### Record set
□ □ □ □ □ □ □

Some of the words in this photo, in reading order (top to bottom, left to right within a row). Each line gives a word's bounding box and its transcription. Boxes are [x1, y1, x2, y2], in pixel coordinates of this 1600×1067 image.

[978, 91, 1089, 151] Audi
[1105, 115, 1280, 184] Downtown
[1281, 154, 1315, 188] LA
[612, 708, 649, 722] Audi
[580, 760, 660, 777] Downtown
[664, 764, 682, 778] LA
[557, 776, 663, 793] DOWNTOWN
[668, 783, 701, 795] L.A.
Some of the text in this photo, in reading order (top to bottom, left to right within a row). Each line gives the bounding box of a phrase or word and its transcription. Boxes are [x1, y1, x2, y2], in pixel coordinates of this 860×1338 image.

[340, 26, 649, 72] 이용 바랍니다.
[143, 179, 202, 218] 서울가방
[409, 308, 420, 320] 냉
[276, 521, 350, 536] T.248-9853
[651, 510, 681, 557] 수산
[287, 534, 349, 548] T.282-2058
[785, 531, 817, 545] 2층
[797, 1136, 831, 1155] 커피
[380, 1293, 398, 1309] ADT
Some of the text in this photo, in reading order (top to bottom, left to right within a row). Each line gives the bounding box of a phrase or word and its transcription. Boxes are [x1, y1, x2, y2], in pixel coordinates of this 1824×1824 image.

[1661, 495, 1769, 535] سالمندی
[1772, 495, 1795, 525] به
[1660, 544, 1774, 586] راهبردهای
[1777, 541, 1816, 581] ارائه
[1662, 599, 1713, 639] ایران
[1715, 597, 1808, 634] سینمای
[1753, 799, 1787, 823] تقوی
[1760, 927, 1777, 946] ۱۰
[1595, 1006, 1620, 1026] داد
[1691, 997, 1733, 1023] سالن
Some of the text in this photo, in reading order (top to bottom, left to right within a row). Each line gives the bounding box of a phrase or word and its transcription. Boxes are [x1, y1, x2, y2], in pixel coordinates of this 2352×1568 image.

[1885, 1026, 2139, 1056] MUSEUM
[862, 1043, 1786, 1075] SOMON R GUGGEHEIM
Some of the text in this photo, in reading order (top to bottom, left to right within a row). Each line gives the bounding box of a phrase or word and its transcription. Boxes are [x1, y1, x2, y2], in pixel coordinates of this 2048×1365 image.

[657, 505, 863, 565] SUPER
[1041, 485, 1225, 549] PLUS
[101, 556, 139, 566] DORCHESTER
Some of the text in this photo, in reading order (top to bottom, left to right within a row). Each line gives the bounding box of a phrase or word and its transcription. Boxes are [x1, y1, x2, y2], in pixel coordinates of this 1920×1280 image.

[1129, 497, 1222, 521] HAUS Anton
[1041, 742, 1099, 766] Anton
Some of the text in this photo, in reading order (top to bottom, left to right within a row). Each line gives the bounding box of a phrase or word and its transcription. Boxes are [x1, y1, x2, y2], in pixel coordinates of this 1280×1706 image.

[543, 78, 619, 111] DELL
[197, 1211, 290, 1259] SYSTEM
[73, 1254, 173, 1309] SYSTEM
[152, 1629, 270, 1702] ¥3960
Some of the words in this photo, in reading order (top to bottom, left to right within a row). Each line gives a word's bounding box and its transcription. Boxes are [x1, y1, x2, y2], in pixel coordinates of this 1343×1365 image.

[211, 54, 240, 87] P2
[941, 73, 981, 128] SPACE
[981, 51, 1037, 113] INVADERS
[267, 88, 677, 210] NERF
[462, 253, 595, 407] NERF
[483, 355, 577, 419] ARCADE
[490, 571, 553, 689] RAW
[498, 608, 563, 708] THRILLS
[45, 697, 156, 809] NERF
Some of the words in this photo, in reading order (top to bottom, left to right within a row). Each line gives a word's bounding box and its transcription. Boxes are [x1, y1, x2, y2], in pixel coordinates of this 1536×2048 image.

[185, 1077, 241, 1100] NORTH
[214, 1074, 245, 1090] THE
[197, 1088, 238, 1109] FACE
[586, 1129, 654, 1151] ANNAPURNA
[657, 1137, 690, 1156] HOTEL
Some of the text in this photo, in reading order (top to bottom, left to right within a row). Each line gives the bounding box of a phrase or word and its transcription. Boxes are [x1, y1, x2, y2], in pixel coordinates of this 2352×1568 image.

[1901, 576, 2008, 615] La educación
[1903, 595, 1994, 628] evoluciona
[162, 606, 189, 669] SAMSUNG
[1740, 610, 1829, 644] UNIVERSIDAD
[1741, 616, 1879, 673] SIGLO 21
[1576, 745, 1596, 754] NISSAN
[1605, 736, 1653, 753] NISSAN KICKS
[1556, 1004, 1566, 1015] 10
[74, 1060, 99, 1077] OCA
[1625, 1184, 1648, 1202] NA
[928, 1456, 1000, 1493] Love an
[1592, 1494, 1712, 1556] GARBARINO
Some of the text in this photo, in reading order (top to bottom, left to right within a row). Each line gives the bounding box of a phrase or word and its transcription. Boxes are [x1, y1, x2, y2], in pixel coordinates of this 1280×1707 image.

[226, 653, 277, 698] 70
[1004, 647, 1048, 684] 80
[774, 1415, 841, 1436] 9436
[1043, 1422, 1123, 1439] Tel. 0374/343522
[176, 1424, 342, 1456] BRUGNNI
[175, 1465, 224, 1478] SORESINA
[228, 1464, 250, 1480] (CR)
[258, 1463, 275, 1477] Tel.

□ □ □ □ □ □ □

### Assignment
Your task is to reproduce all the data exactly as shown.

### Answer space
Some of the words in this photo, in reading order (top to bottom, left to right within a row). Each line gives a word's bounding box and its transcription. Boxes are [x1, y1, x2, y2], in pixel coordinates of this 1600×1067 image.

[978, 91, 1089, 151] Audi
[1105, 115, 1280, 184] Downtown
[1281, 154, 1315, 188] LA
[612, 708, 649, 722] Audi
[580, 760, 660, 777] Downtown
[664, 764, 682, 778] LA
[557, 776, 663, 793] DOWNTOWN
[668, 783, 701, 795] L.A.
Some of the text in this photo, in reading order (top to bottom, left to right within a row). Each line gives the bounding box of a phrase or word and its transcription. Boxes are [x1, y1, x2, y2], in pixel coordinates of this 860×1338 image.

[340, 26, 649, 72] 이용 바랍니다.
[143, 179, 202, 218] 서울가방
[409, 308, 420, 320] 냉
[276, 521, 350, 536] T.248-9853
[651, 510, 681, 557] 수산
[287, 534, 349, 548] T.282-2058
[785, 531, 817, 545] 2층
[797, 1136, 831, 1155] 커피
[380, 1293, 398, 1309] ADT
Some of the text in this photo, in reading order (top to bottom, left to right within a row). Each line gives the bounding box of a phrase or word and its transcription. Boxes are [x1, y1, x2, y2], in pixel coordinates of this 1824×1824 image.

[1661, 495, 1769, 535] سالمندی
[1772, 495, 1795, 525] به
[1660, 544, 1774, 586] راهبردهای
[1777, 541, 1816, 581] ارائه
[1662, 599, 1713, 639] ایران
[1715, 597, 1808, 634] سینمای
[1753, 799, 1787, 823] تقوی
[1760, 927, 1777, 946] ۱۰
[1595, 1006, 1620, 1026] داد
[1691, 997, 1733, 1023] سالن
Some of the text in this photo, in reading order (top to bottom, left to right within a row). Each line gives the bounding box of a phrase or word and its transcription. Boxes are [x1, y1, x2, y2], in pixel coordinates of this 2352×1568 image.

[1885, 1026, 2139, 1056] MUSEUM
[862, 1043, 1786, 1075] SOMON R GUGGEHEIM
Some of the text in this photo, in reading order (top to bottom, left to right within a row). Each line gives the bounding box of a phrase or word and its transcription. Boxes are [x1, y1, x2, y2], in pixel coordinates of this 2048×1365 image.

[657, 505, 863, 565] SUPER
[1041, 485, 1225, 549] PLUS
[101, 556, 139, 566] DORCHESTER
Some of the text in this photo, in reading order (top to bottom, left to right within a row). Each line gives the bounding box of a phrase or word and its transcription. Boxes are [x1, y1, x2, y2], in pixel coordinates of this 1920×1280 image.

[1129, 497, 1222, 521] HAUS Anton
[1041, 742, 1099, 766] Anton
Some of the text in this photo, in reading order (top to bottom, left to right within a row). Each line gives the bounding box of a phrase or word and its transcription. Boxes are [x1, y1, x2, y2], in pixel coordinates of this 1280×1706 image.

[543, 78, 619, 111] DELL
[197, 1211, 290, 1259] SYSTEM
[73, 1254, 173, 1309] SYSTEM
[152, 1629, 270, 1702] ¥3960
Some of the words in this photo, in reading order (top to bottom, left to right within a row). Each line gives a word's bounding box and its transcription. Boxes are [x1, y1, x2, y2], in pixel coordinates of this 1343×1365 image.

[211, 54, 240, 87] P2
[941, 73, 981, 128] SPACE
[981, 51, 1037, 113] INVADERS
[267, 88, 677, 210] NERF
[462, 253, 595, 407] NERF
[483, 355, 577, 419] ARCADE
[490, 571, 553, 689] RAW
[498, 608, 563, 708] THRILLS
[45, 697, 156, 809] NERF
Some of the words in this photo, in reading order (top to bottom, left to right within a row). Each line gives a word's bounding box and its transcription. Boxes are [x1, y1, x2, y2], in pixel coordinates of this 1536×2048 image.

[185, 1077, 241, 1100] NORTH
[214, 1074, 245, 1090] THE
[197, 1088, 238, 1109] FACE
[586, 1129, 654, 1151] ANNAPURNA
[657, 1137, 690, 1156] HOTEL
Some of the text in this photo, in reading order (top to bottom, left to right within a row). Each line gives the bounding box of a phrase or word and its transcription. Boxes are [x1, y1, x2, y2], in pixel coordinates of this 2352×1568 image.

[1901, 576, 2008, 615] La educación
[1903, 595, 1994, 628] evoluciona
[162, 606, 189, 669] SAMSUNG
[1740, 610, 1829, 644] UNIVERSIDAD
[1741, 616, 1879, 673] SIGLO 21
[1576, 745, 1596, 754] NISSAN
[1605, 736, 1653, 753] NISSAN KICKS
[1556, 1004, 1566, 1015] 10
[74, 1060, 99, 1077] OCA
[1625, 1184, 1648, 1202] NA
[928, 1456, 1000, 1493] Love an
[1592, 1494, 1712, 1556] GARBARINO
Some of the text in this photo, in reading order (top to bottom, left to right within a row). Each line gives the bounding box of a phrase or word and its transcription. Boxes are [x1, y1, x2, y2], in pixel coordinates of this 1280×1707 image.

[226, 653, 277, 698] 70
[1004, 647, 1048, 684] 80
[774, 1415, 841, 1436] 9436
[1043, 1422, 1123, 1439] Tel. 0374/343522
[176, 1424, 342, 1456] BRUGNNI
[175, 1465, 224, 1478] SORESINA
[228, 1464, 250, 1480] (CR)
[258, 1463, 275, 1477] Tel.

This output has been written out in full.